ÜBERTRAGENVONFRIDERIKE MARIA ZWEIG

MIT 27 HOLZSCHNITTEN VON FRANS MASEREEL

IM INSEL-VERLAG ZU LEIPZIG

EIN ABEND

Mit ähnlichem Getöse, als wenn in Wäldern gewaltsame Sturmstöße das Pfeifen des Windes durchbrechen, rollt die Untergrundbahn ihrem Endziel zu. Wie eine längliche schwarze Perle schlängelt sie sich durch den Tunnel, um in der Station dann einer großen leuchtenden Perle zu gleichen. Strahlend und atemlos hält sie inne. In die aquariumartigen Glashallen fallen schwere und dunkle Gegenstände nieder, andere leichtere gleiten und heben sich in den Labyrinthen der Stiegen und Gänge, als bewegte sie die Abendluft, die um den Rachen des Tunnels flattert. Das Aus und Ein genau scheidend, klappt jede der Falltüren wie das Holzmesser eines Bäckers unerbittlich und unaufhörlich auf und ab.

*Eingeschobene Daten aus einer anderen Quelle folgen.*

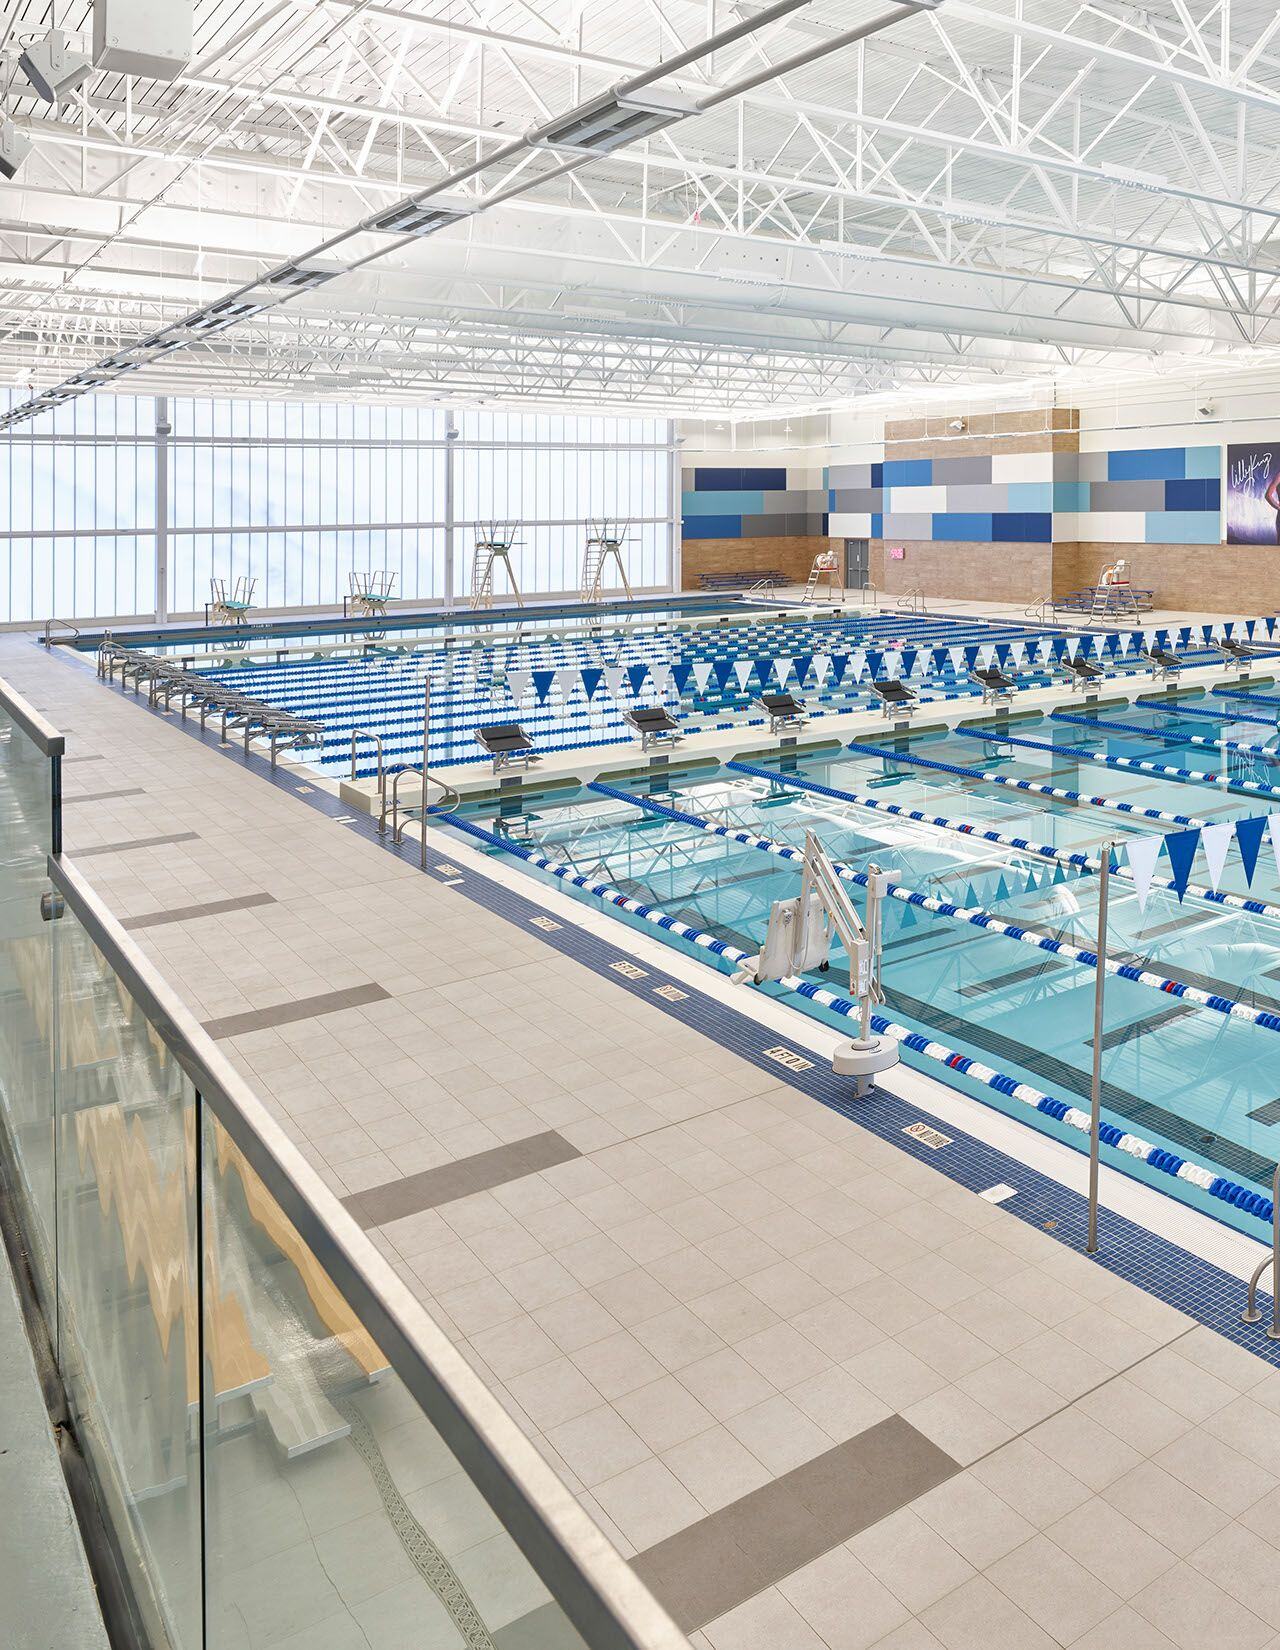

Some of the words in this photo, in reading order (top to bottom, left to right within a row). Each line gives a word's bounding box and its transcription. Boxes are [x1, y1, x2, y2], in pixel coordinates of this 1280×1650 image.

Es ist in einem der letzten Züge, zu später Stunde an irgendeinem Werktag.

In einem der Waggons befindet sich ein einziger Fahrgast, ein junger Mann, der, in eine Ecke geschmiegt, vor sich hinsinnt. Tagsüber hat es reichlich geregnet. Noch haften an den Fensterscheiben Tropfen und Rinnsal des Regens, der den Zug auf den Boulevards, dort wo er aus der Erde hervorkam, ansprühte. Die Schmutzspuren eines ganzen Tages bedecken den Fußboden.

Der junge Mann verfolgt die Entwicklung einer Gedankenreihe, die sich in ihm zu regen begonnen, kaum daß er Platz genommen hatte. In seinen Gliedern drückt die Müdigkeit eines langen Tages, an dem er viel gegangen ist und viel gesprochen hat; jedoch die nie aussetzende Lebendigkeit seines Geistes läßt ihn den Körper und seine Abspannung vergessen. Er hebt kaum den Kopf in den Stationen, die wie Illustrationen einer Lektüre sind, zu denen etwa das Hineilen im Tunnel der Text wäre.

Ein dumpfer dicker Geruch schwelt in den Waggons, die den ganzen Tag über mit Menschenmassen vollgepackt waren.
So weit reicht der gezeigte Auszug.